Who the heck is Shane Reynolds? Or should I say, Shane O? That nickname, along with the gonzo show title, almost made me click past NatGeo Wild’s “Shane Untamed.” The last thing I wanted to watch was some thrill seeing yahoo jet skiing through the Everglades, flipping off alligators and trying to use a manatee as a boogie board.

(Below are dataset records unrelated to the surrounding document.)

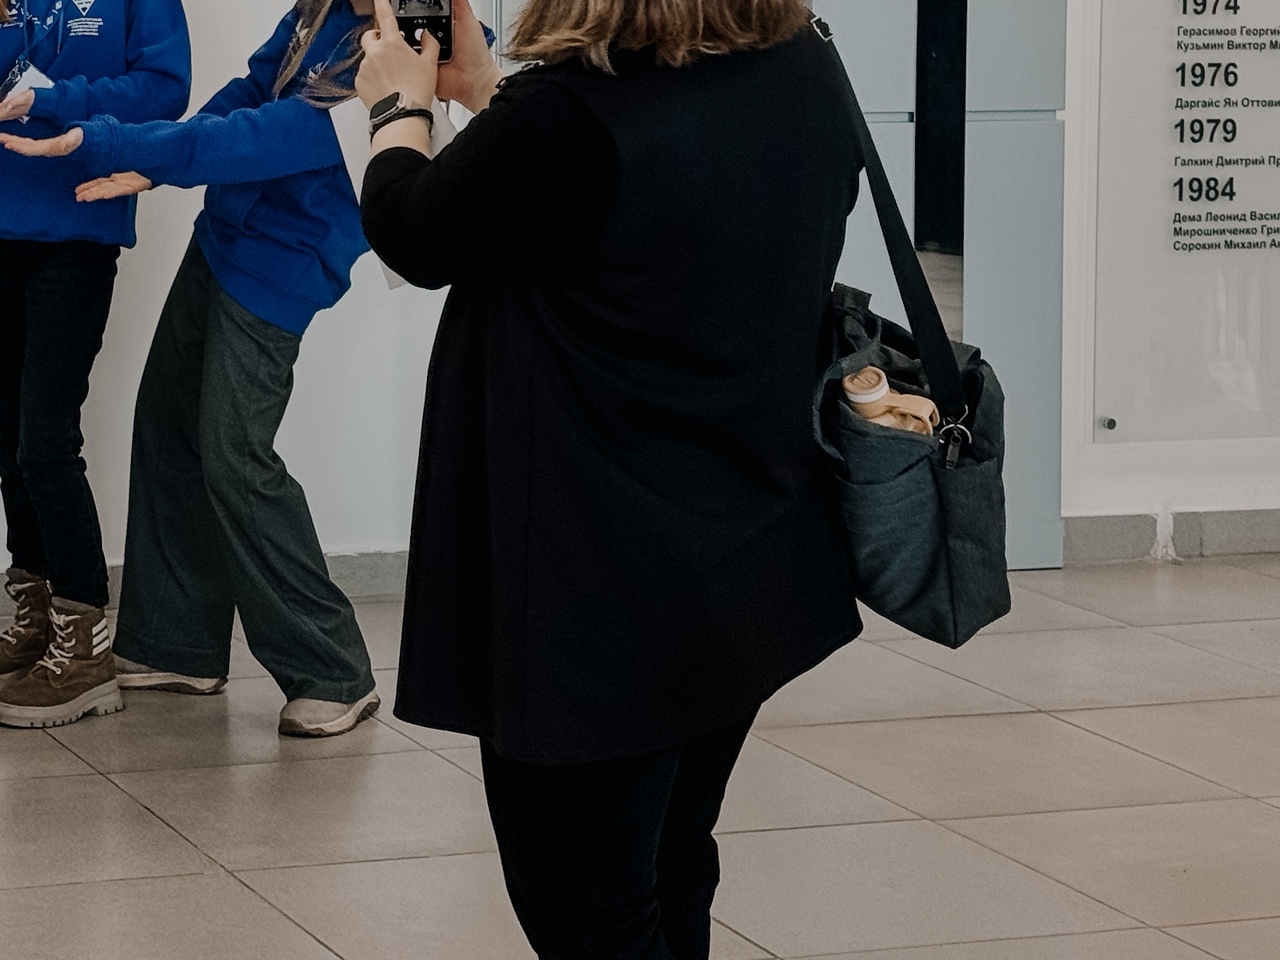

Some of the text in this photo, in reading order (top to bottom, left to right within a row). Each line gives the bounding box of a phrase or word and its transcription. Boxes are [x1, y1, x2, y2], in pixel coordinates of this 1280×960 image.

[1177, 26, 1237, 38] Герасимов
[1177, 40, 1280, 53] Кузьмин Виктор М
[1176, 62, 1238, 87] 1976
[1175, 97, 1220, 110] Даргайс
[1223, 97, 1238, 108] Ян
[1174, 118, 1237, 143] 1979
[1174, 156, 1213, 167] Галкин
[1215, 155, 1265, 168] Дмитрий
[1173, 177, 1236, 202] 1984
[1173, 212, 1202, 224] Дема
[1205, 212, 1247, 222] Леонид
[1173, 226, 1258, 238] Мирошниченко
[1173, 240, 1221, 253] Сорокин
[1224, 239, 1266, 250] Михаил

But thankfully NatGeo Wild (which debuted in the U.S. last year) is not MTV, so I stuck around for a while. It’s a good thing I did, because this guy with a nickname that makes him sound like a reject from a “Jackass” movie has made a pretty good hour-long show.
 
This isn’t to say that Reynolds, a “one man band” producer, shooter and host, doesn’t add some MTV-worthy attitude to his show. He is, after all, seeking adventure, not a rare bird find. In the premiere, he wants to face his fear of snakes and alligators while visiting the Florida Everglades, which means plenty of close encounters of the slithery kind and some bleeped expletives. He drives an air boat, tries to fish (unsuccessfully) like a Miccosukee Indian and takes pictures of gators at an uncomfortably close range. If we have any doubt that he’s a fun guy and not a boring research scientist, he has creative facial hair and says things like “Get out of town, Charlie Brown,” and “Gator road pie for breakfast, anyone?” and “This is a diverse and ever changing topography.” Okay, that last part wasn’t particularly fun, but it brings us to another point.
 
This is National Geographic, Wild or not, and the mission to educate viewers about the natural world seems pretty clear. Hand it to Reynolds for finding the balance between hammering us over the head with facts and just taking us on a ride. Yes, there are plenty of animated maps, pop up factoid bubbles (Did you know Florida’s state tree is the cabbage palm? Hope not) and learning opportunities during the show, but then Reynolds asks the question we’d probably ask (yes, people have tried to grow pot in the Everglades) and we’re back on the entertainment track.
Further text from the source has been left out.